● Aim of the task: The whole listing needs retyping exactly; keep the pictures out of it.

• • •

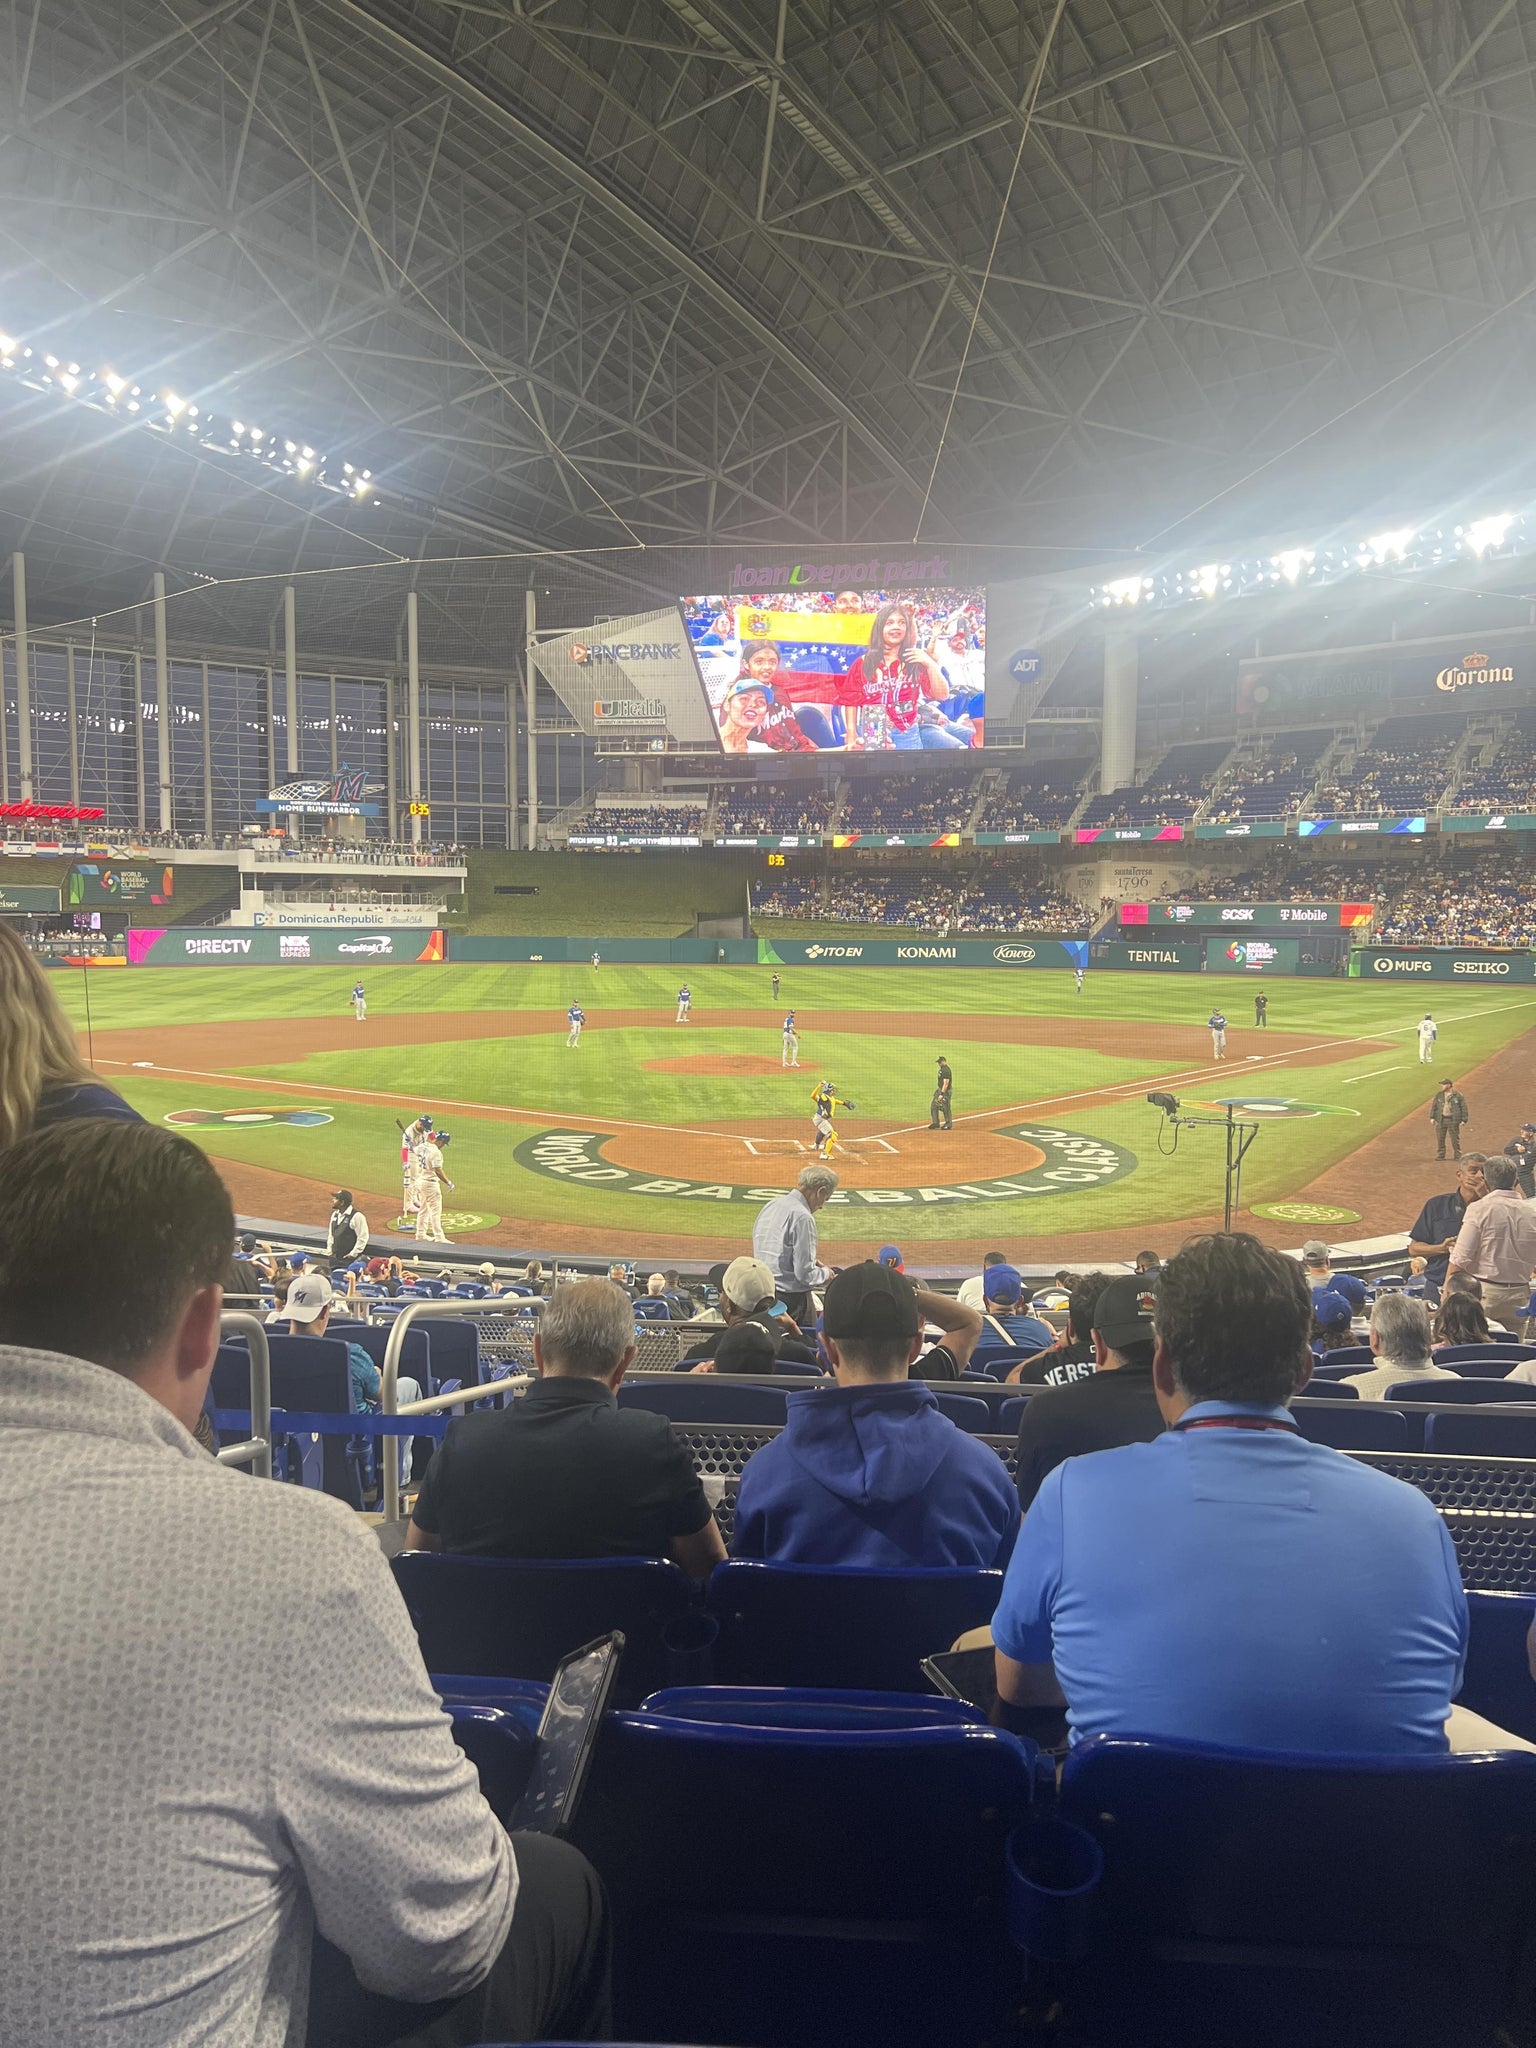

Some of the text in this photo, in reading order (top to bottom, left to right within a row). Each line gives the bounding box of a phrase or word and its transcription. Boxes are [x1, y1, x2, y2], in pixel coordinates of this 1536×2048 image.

[883, 556, 949, 586] park
[1013, 659, 1039, 671] ADT
[1298, 670, 1386, 698] MIAMI
[1436, 666, 1514, 692] Corona
[651, 740, 664, 749] 42
[410, 803, 430, 816] 0:35
[768, 854, 785, 866] 0:35
[1118, 876, 1148, 891] 1796
[1222, 909, 1255, 921] SCSK
[1291, 908, 1328, 921] Mobile
[186, 939, 252, 954] DIRECTV
[998, 947, 1034, 958] Kowa
[897, 948, 956, 958] KONAMI
[1128, 951, 1180, 963] TENTIAL
[1394, 960, 1432, 972] MUFG
[1453, 962, 1510, 974] SEIKO
[531, 1135, 630, 1180] WORLD
[1019, 1129, 1120, 1182] CLASSIC
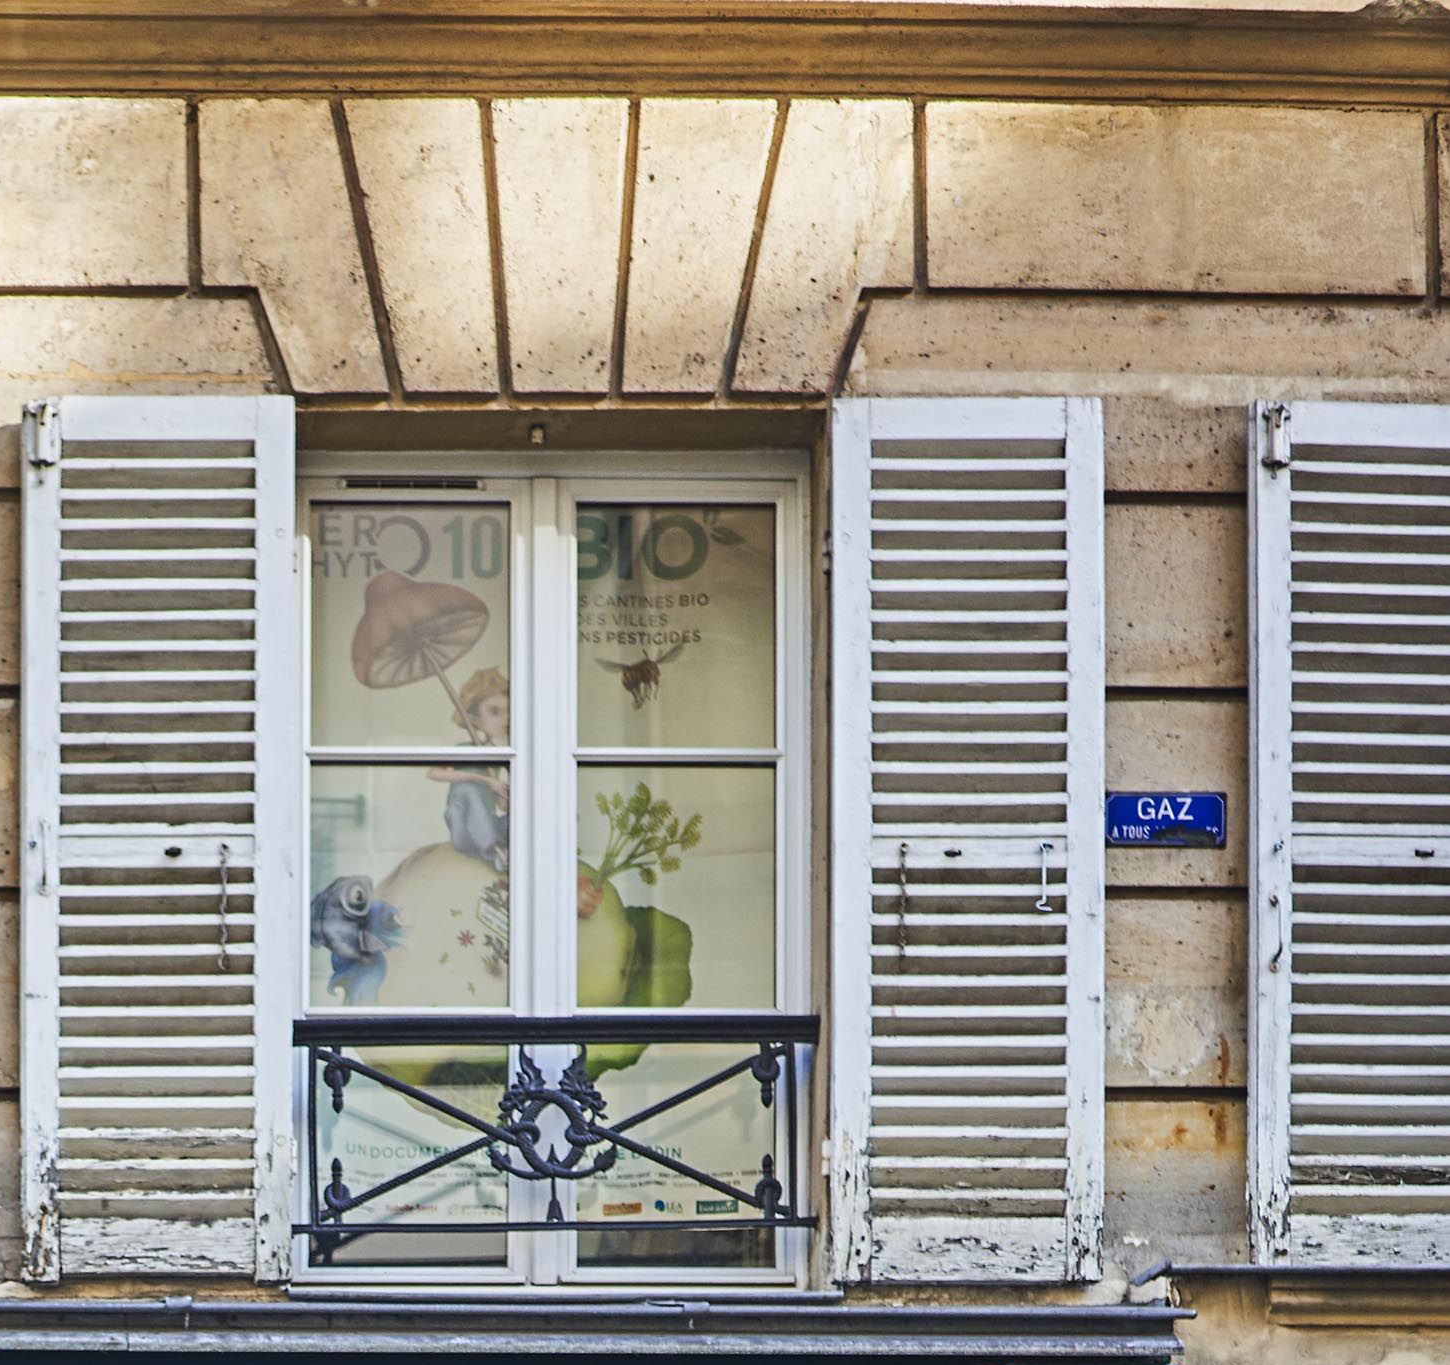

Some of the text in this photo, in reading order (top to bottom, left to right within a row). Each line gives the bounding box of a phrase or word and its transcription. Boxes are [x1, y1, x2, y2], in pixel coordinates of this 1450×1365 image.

[594, 594, 675, 609] CANTINES
[678, 593, 710, 608] BIO
[612, 613, 668, 628] VILLES
[606, 630, 702, 645] PESTICIDES
[1137, 797, 1194, 820] GAZ
[1122, 825, 1150, 839] TOUS
[345, 1142, 367, 1155] UN
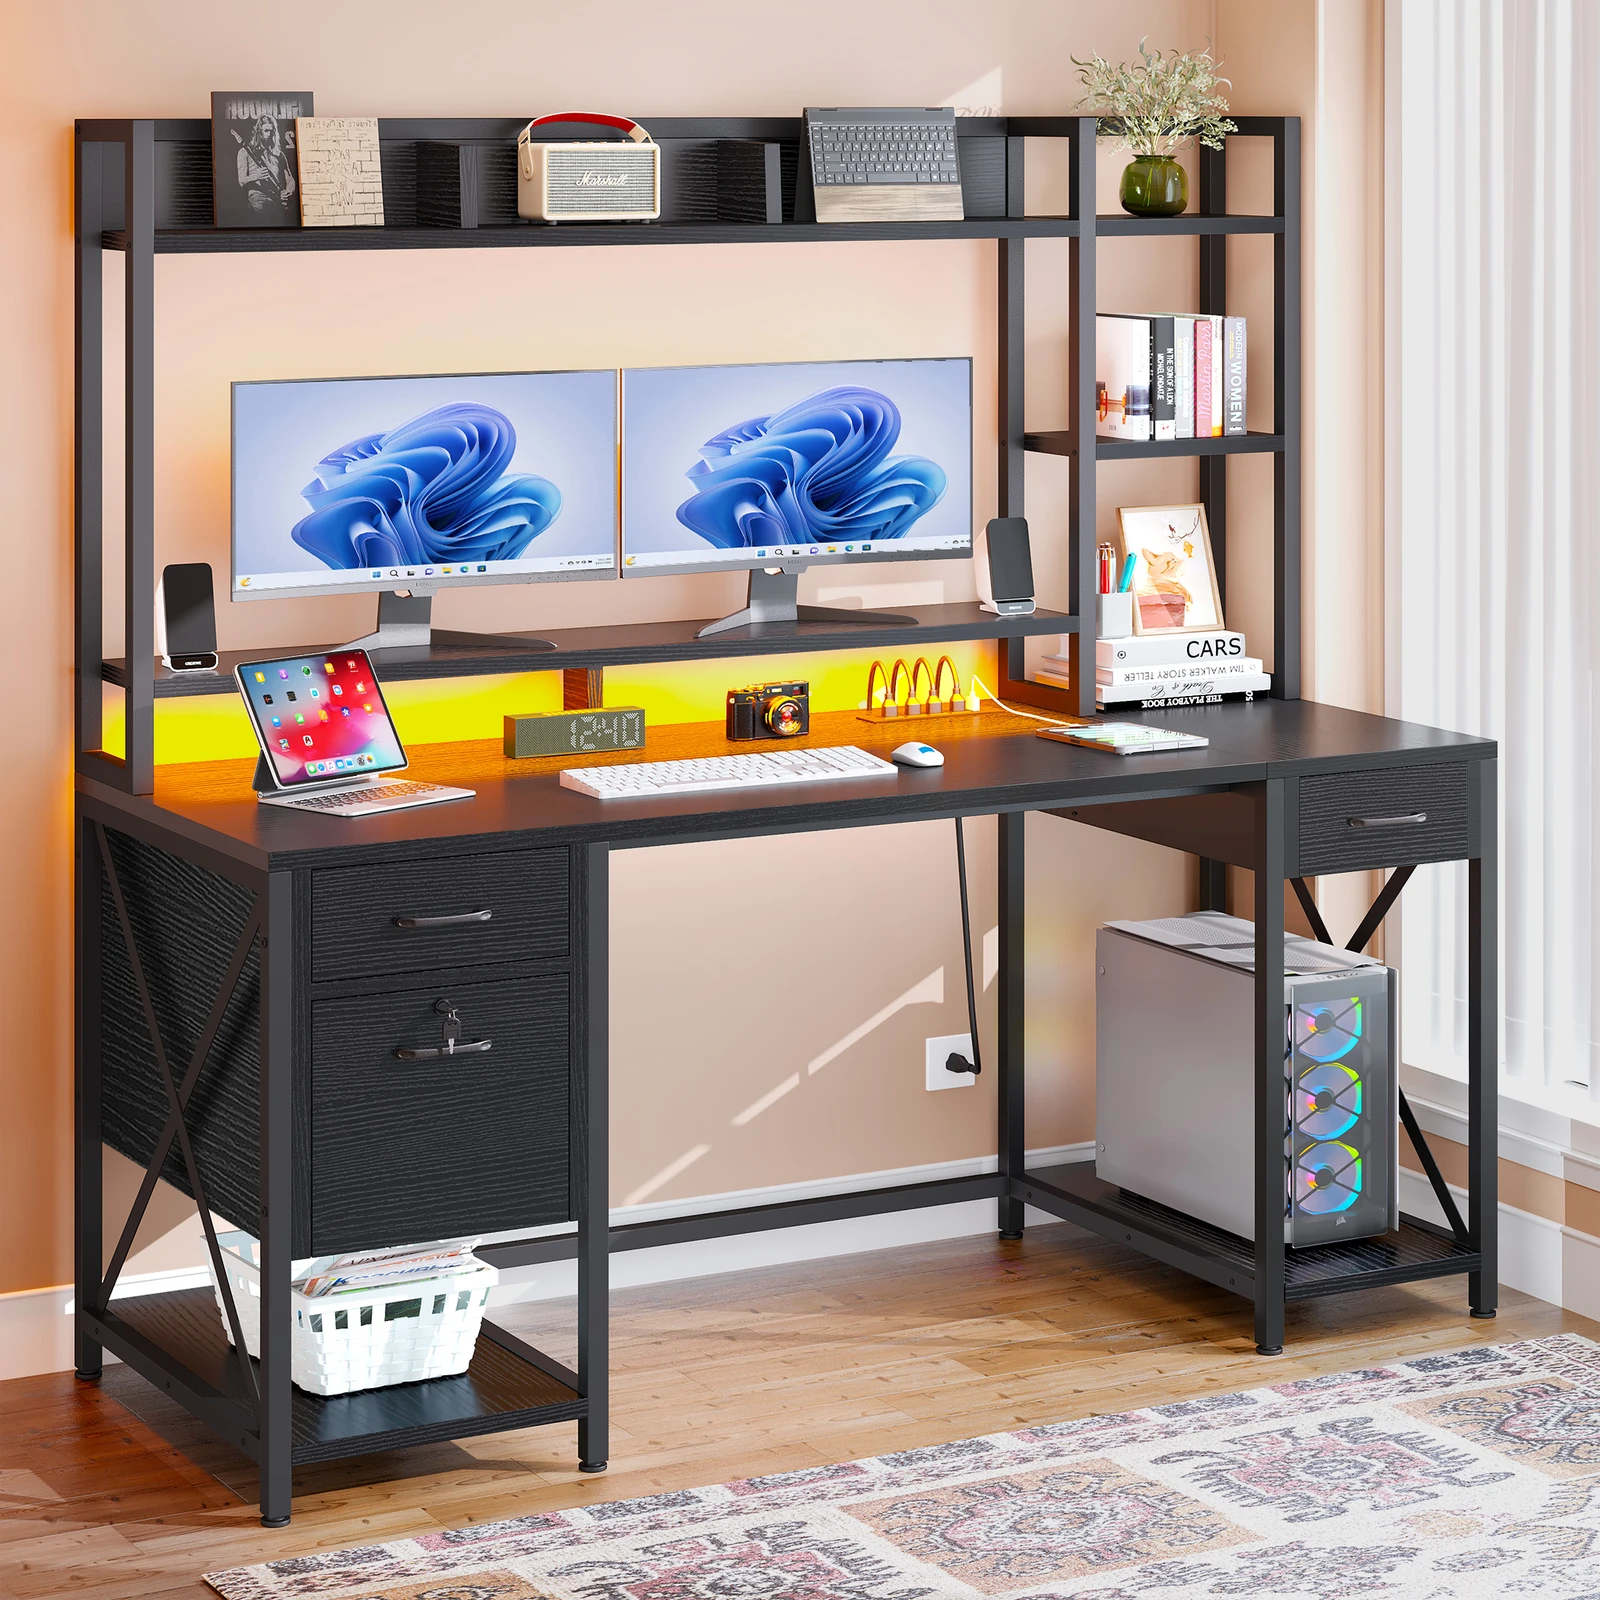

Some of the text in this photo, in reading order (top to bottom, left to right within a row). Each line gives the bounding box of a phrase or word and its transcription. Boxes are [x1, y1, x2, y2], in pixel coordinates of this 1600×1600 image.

[575, 170, 629, 187] Marshall
[1235, 321, 1243, 359] MODERN
[1166, 354, 1174, 365] THE
[1166, 366, 1174, 379] SKIN
[1197, 322, 1211, 420] Martin Parr
[1166, 392, 1174, 405] LION
[1230, 360, 1242, 422] WOMEN
[1186, 637, 1241, 659] CARS
[1124, 666, 1245, 682] TIM WALKER STORY TELLER
[1180, 681, 1215, 694] Death
[1141, 694, 1223, 709] THE PLAYBOY BOOK
[570, 712, 640, 750] 12:40

• • •

● Task response:
Some of the text in this photo, in reading order (top to bottom, left to right within a row). Each line gives the bounding box of a phrase or word and its transcription. Boxes are [x1, y1, x2, y2], in pixel coordinates of this 1536×2048 image.

[883, 556, 949, 586] park
[1013, 659, 1039, 671] ADT
[1298, 670, 1386, 698] MIAMI
[1436, 666, 1514, 692] Corona
[651, 740, 664, 749] 42
[410, 803, 430, 816] 0:35
[768, 854, 785, 866] 0:35
[1118, 876, 1148, 891] 1796
[1222, 909, 1255, 921] SCSK
[1291, 908, 1328, 921] Mobile
[186, 939, 252, 954] DIRECTV
[998, 947, 1034, 958] Kowa
[897, 948, 956, 958] KONAMI
[1128, 951, 1180, 963] TENTIAL
[1394, 960, 1432, 972] MUFG
[1453, 962, 1510, 974] SEIKO
[531, 1135, 630, 1180] WORLD
[1019, 1129, 1120, 1182] CLASSIC

Some of the text in this photo, in reading order (top to bottom, left to right within a row). Each line gives the bounding box of a phrase or word and its transcription. Boxes are [x1, y1, x2, y2], in pixel coordinates of this 1450×1365 image.

[594, 594, 675, 609] CANTINES
[678, 593, 710, 608] BIO
[612, 613, 668, 628] VILLES
[606, 630, 702, 645] PESTICIDES
[1137, 797, 1194, 820] GAZ
[1122, 825, 1150, 839] TOUS
[345, 1142, 367, 1155] UN

Some of the text in this photo, in reading order (top to bottom, left to right within a row). Each line gives the bounding box of a phrase or word and its transcription. Boxes are [x1, y1, x2, y2], in pixel coordinates of this 1600×1600 image.

[575, 170, 629, 187] Marshall
[1235, 321, 1243, 359] MODERN
[1166, 354, 1174, 365] THE
[1166, 366, 1174, 379] SKIN
[1197, 322, 1211, 420] Martin Parr
[1166, 392, 1174, 405] LION
[1230, 360, 1242, 422] WOMEN
[1186, 637, 1241, 659] CARS
[1124, 666, 1245, 682] TIM WALKER STORY TELLER
[1180, 681, 1215, 694] Death
[1141, 694, 1223, 709] THE PLAYBOY BOOK
[570, 712, 640, 750] 12:40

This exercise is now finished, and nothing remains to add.